Throw into the plot yet another device in the form of a book called the Book of Prophecies, which Kenji is chief author, in somewhat of a create your own adventure with his pals, as they dream of the world coming to an end at the turn of the millennium, what with strange plagues, terrorist attacks, and a giant robot taking the place of the stay puff marshmallow man. They realize that world disasters are unfolded as per the sequence in their childhood book, and thus, with their sense of responsibility, work to try and put an end to the madness.
For the first half of the movie, the story really plods on, as it took great pains to try and introduce to us the array of characters important to the series, including an infant heralded as the Chosen One. While most of the characters remain rather one-dimensional with nothing much revealed about their background despite the frequent flashbacks (some which do get repetitive), Kenji is the focus of this installment, as we see an emergence of a resistance fighter from within a mild and meek, and often clueless supermarket manager. He doesn't really strike you as charismatic or well skilled to lead a group of do-gooders, but the second half would address all those concerns.
In wanting to remain unconventional, the story moves forward and back so frequently, that it'll give you a headache. It seemed to be wanting to shovel down character backgrounds incessantly, as every opportunity found to go into flashback mode, will be utilized, so much so that it becomes mentally tiring after a while to keep track of current time. Time plays an important part in the story as it hinges everything on D-Day of 31 December 2000, where a foretold apocalypse is expected to happen.
And here's where it really shines, even when the arrival of D-Day involved plenty of droning pep-talking. Looking at the locations, sets, and big action sequences throughout the film, it's indeed a relatively big budget production with no qualms about throwing money to achieve some form of visual perfection. The finale is nothing short of breathtaking, and with well filled tension, though if you're not expecting this to be the first episode of an franchise, you'll find yourself swearing at its cliffhanger ending. It's not a complete story per se even though it managed to remain self-contained, as it retains just about as much mystery as it did from the onset, with nothing much revealed or addressed.
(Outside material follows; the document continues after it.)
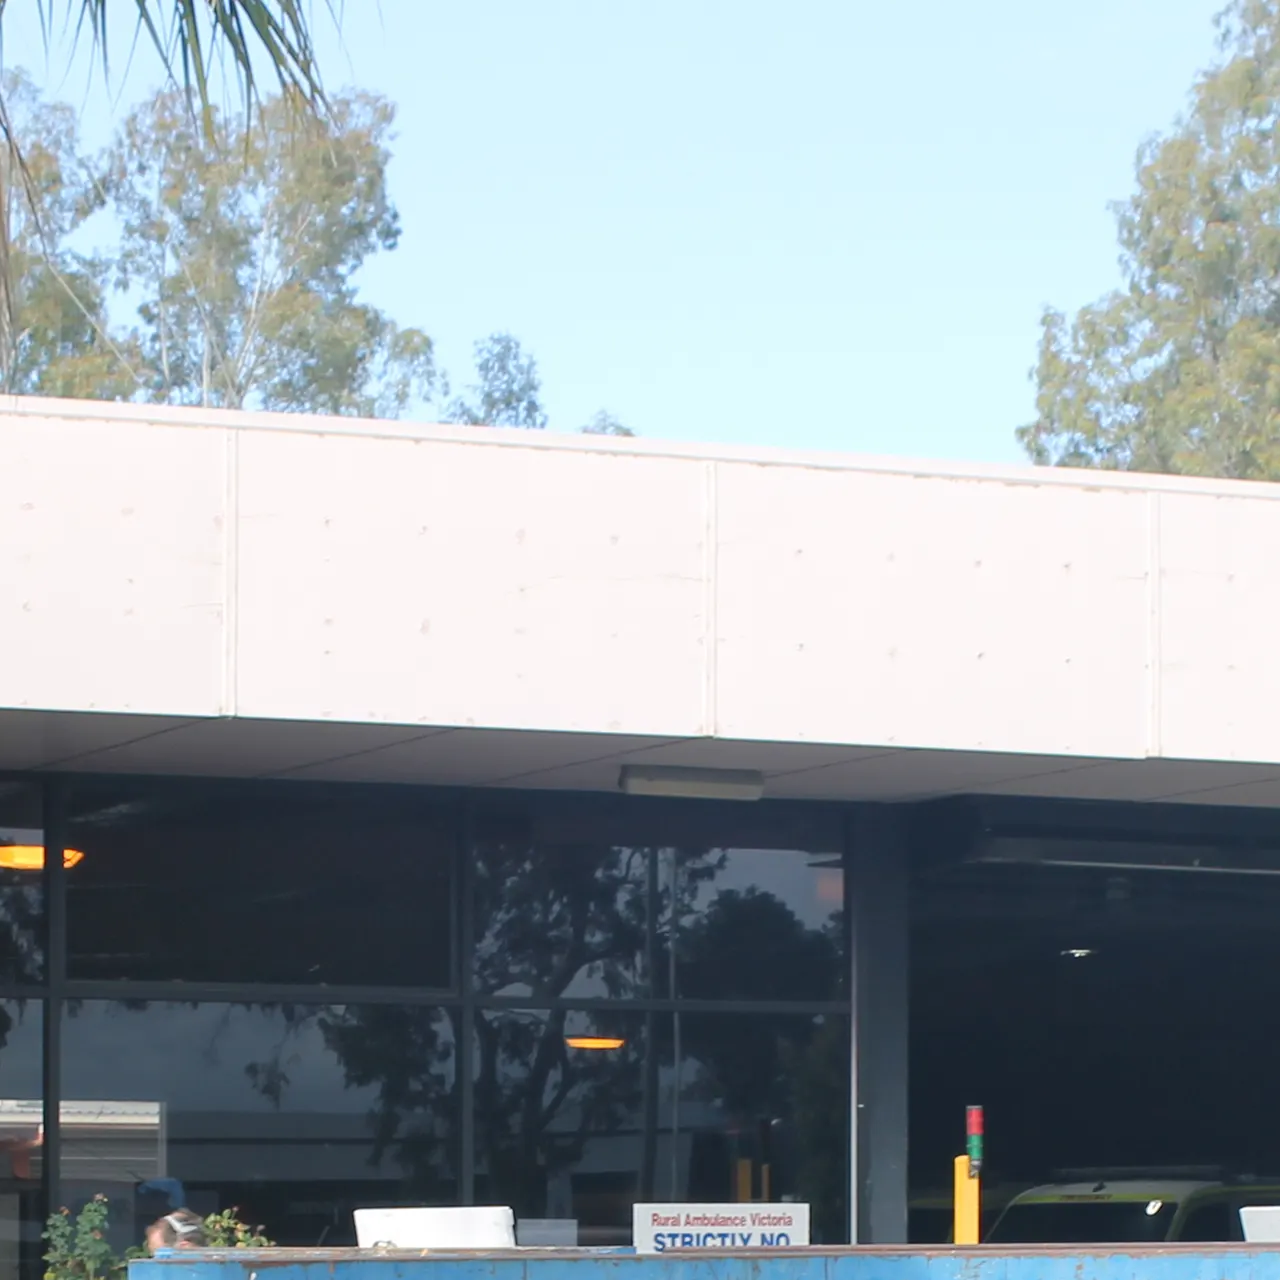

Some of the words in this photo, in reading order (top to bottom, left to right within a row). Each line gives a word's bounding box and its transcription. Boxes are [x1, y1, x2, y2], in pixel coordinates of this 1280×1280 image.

[651, 1213, 681, 1227] Rural
[684, 1213, 747, 1227] Ambulance
[750, 1212, 793, 1227] Victoria
For those looking into something more, I thought it had drawn some interesting parallels about the dangers of cults, and how enticing the promises made by preacher could be, with the followers blinding adhering to every word like it's the gospel. There are enough false prophets in the world, but those who can command a huge following, could grow and if their aspirations do find their way to the political arena, then just as how a manga-turned-movie would have its ready audience, then these political parties would already come with their congregation as ready supporters and voters.
For the eager beavers, it's not until January that you can watch the next part, so do remember to stay until right after the end credits roll for the trailer to Part 2.